Varga Domonkos
Ronin Institute, Montclair, NJ 07043, USA.
J Imaging. 2023 Jun 8;9(6):116. doi: 10.3390/jimaging9060116.
Given the reference (distortion-free) image, full-reference image quality assessment (FR-IQA) algorithms seek to assess the perceptual quality of the test image. Over the years, many effective, hand-crafted FR-IQA metrics have been proposed in the literature. In this work, we present a novel framework for FR-IQA that combines multiple metrics and tries to leverage the strength of each by formulating FR-IQA as an optimization problem. Following the idea of other fusion-based metrics, the perceptual quality of a test image is defined as the weighted product of several already existing, hand-crafted FR-IQA metrics.
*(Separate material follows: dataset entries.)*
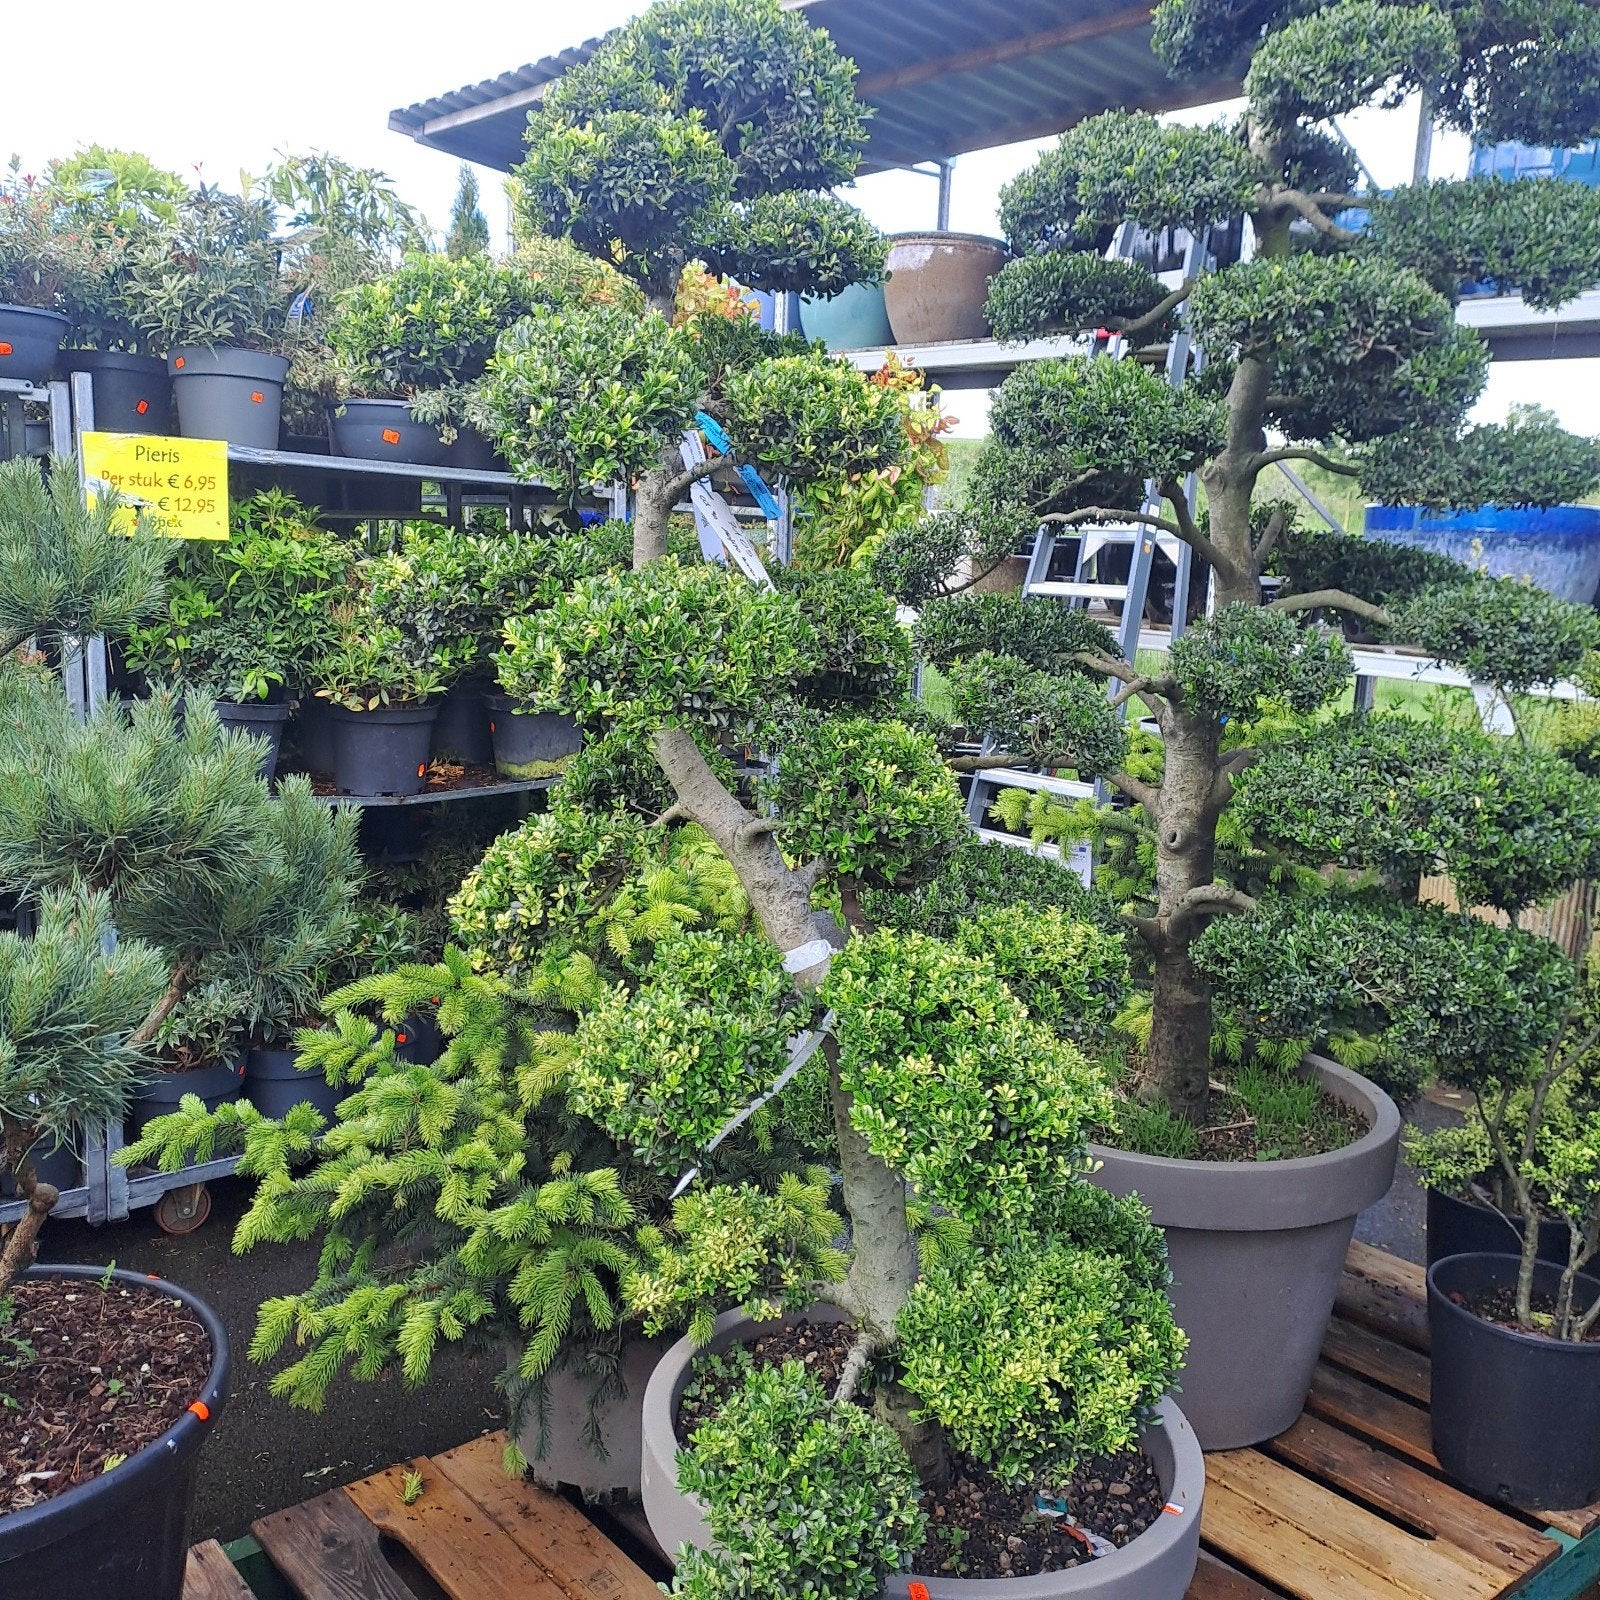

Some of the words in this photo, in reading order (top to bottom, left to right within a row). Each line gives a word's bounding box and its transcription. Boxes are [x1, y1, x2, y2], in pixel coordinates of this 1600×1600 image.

[135, 445, 180, 463] Pieris
[101, 470, 124, 485] Per
[129, 472, 163, 487] stuk
[168, 474, 180, 489] €
[184, 475, 216, 491] 6,95
[158, 497, 170, 512] €
[174, 498, 215, 514] 12,95
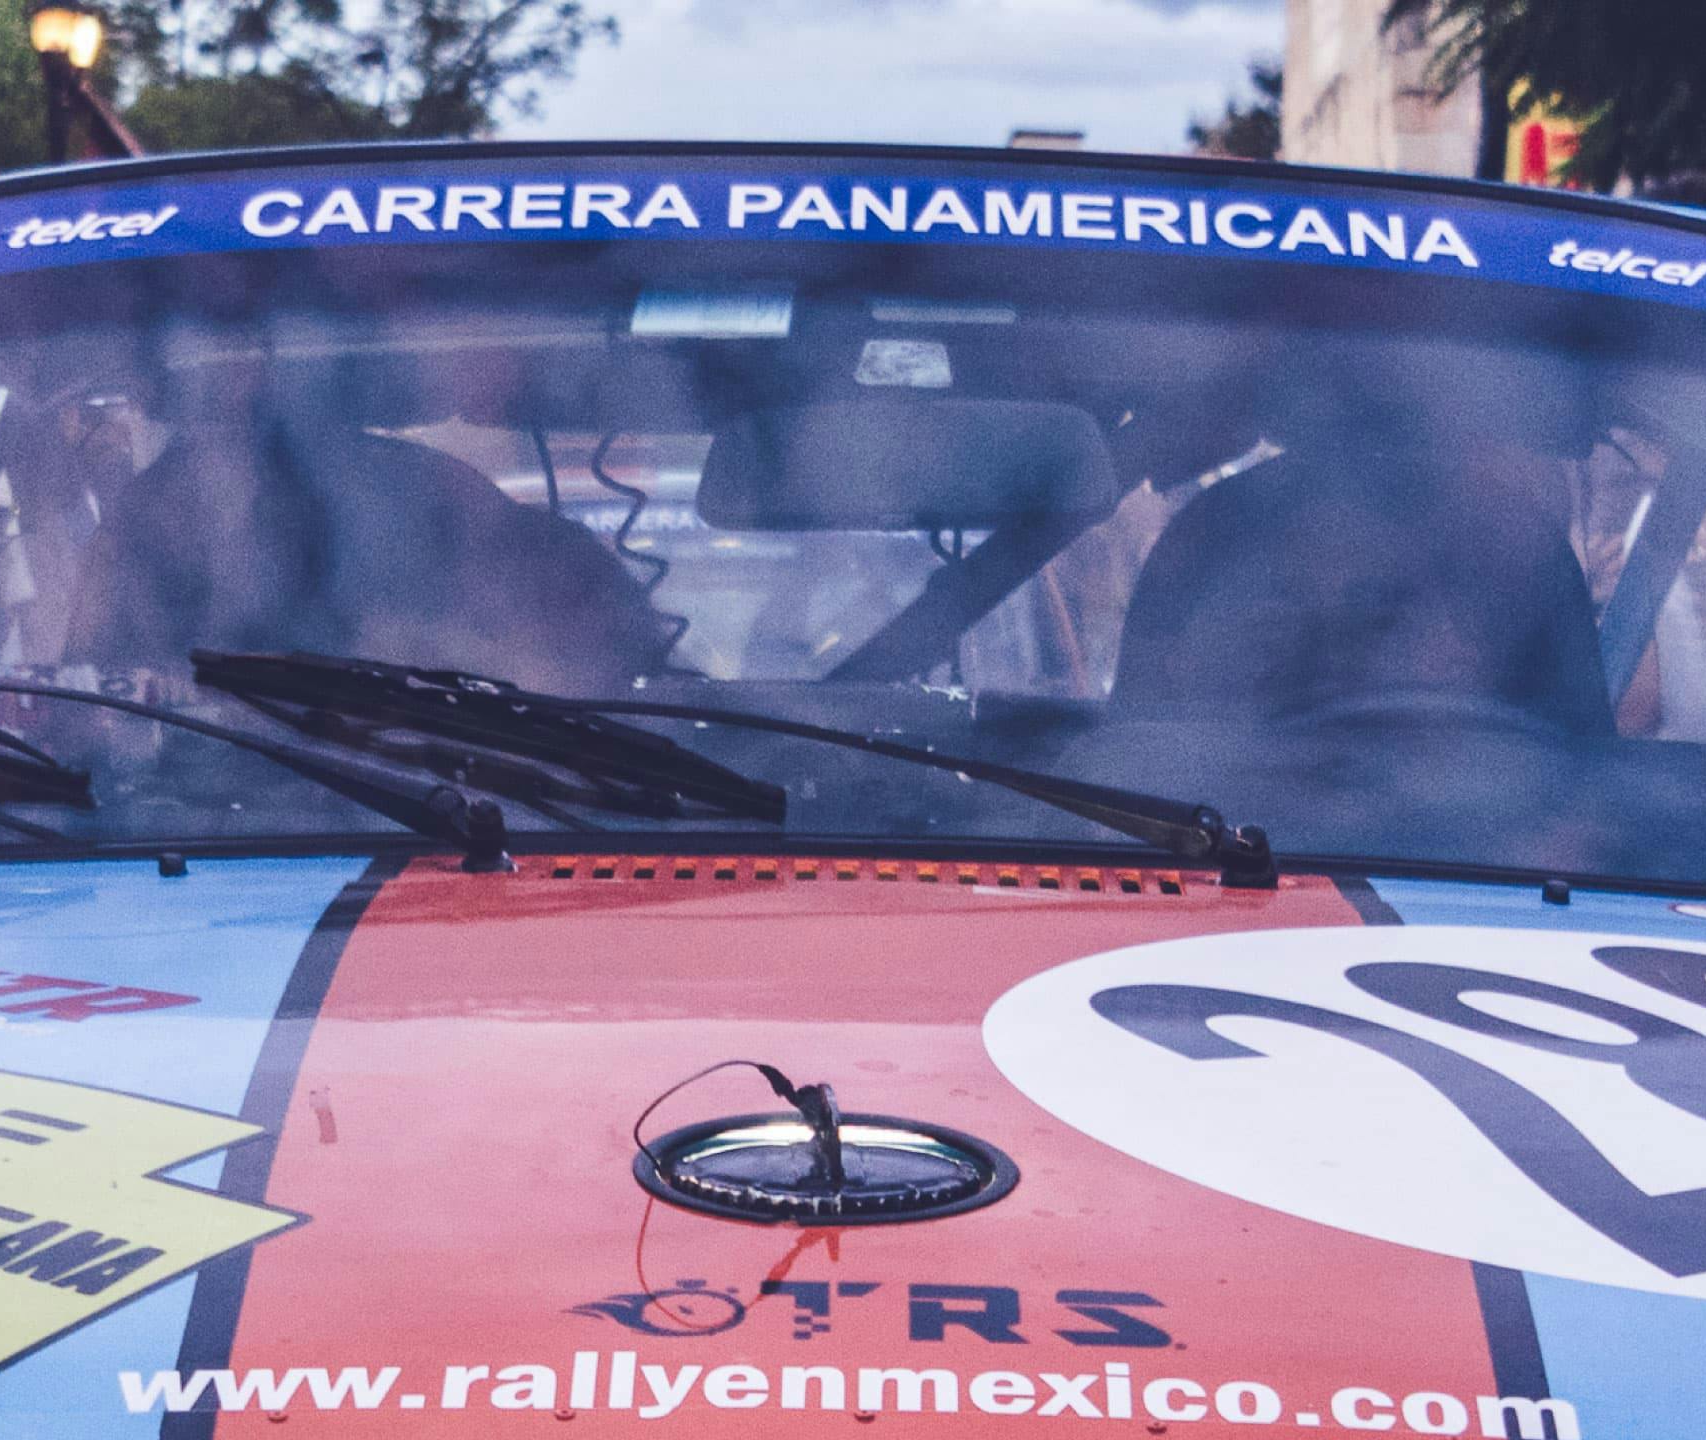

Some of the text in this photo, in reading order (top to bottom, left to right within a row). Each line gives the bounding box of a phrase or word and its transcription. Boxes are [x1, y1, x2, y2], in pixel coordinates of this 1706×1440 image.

[5, 204, 180, 251] telcel
[241, 182, 1480, 268] CARRERA PANAMERICANA
[759, 1280, 1174, 1348] TRS
Unlike other methods, the weights are determined in an optimization-based framework and the objective function is defined to maximize the correlation and minimize the root mean square error between the predicted and ground-truth quality scores. The obtained metrics are evaluated on four popular benchmark IQA databases and compared to the state of the art. This comparison has revealed that the compiled fusion-based metrics are able to outperform other competing algorithms, including deep learning-based ones.
给定参考(无失真)图像,全参考图像质量评估(FR-IQA)算法旨在评估测试图像的感知质量。多年来,文献中提出了许多有效的、手工设计的FR-IQA指标。在这项工作中,我们提出了一种用于FR-IQA的新颖框架,该框架结合了多个指标,并试图通过将FR-IQA表述为一个优化问题来利用每个指标的优势。遵循其他基于融合的指标的思路,测试图像的感知质量被定义为几个现有的、手工设计的FR-IQA指标的加权乘积。与其他方法不同,权重是在基于优化的框架中确定的,目标函数被定义为最大化预测质量得分与真实质量得分之间的相关性并最小化均方根误差。在四个流行的基准IQA数据库上对获得的指标进行了评估,并与现有技术进行了比较。这种比较表明,编译后的基于融合的指标能够优于其他竞争算法,包括基于深度学习的算法。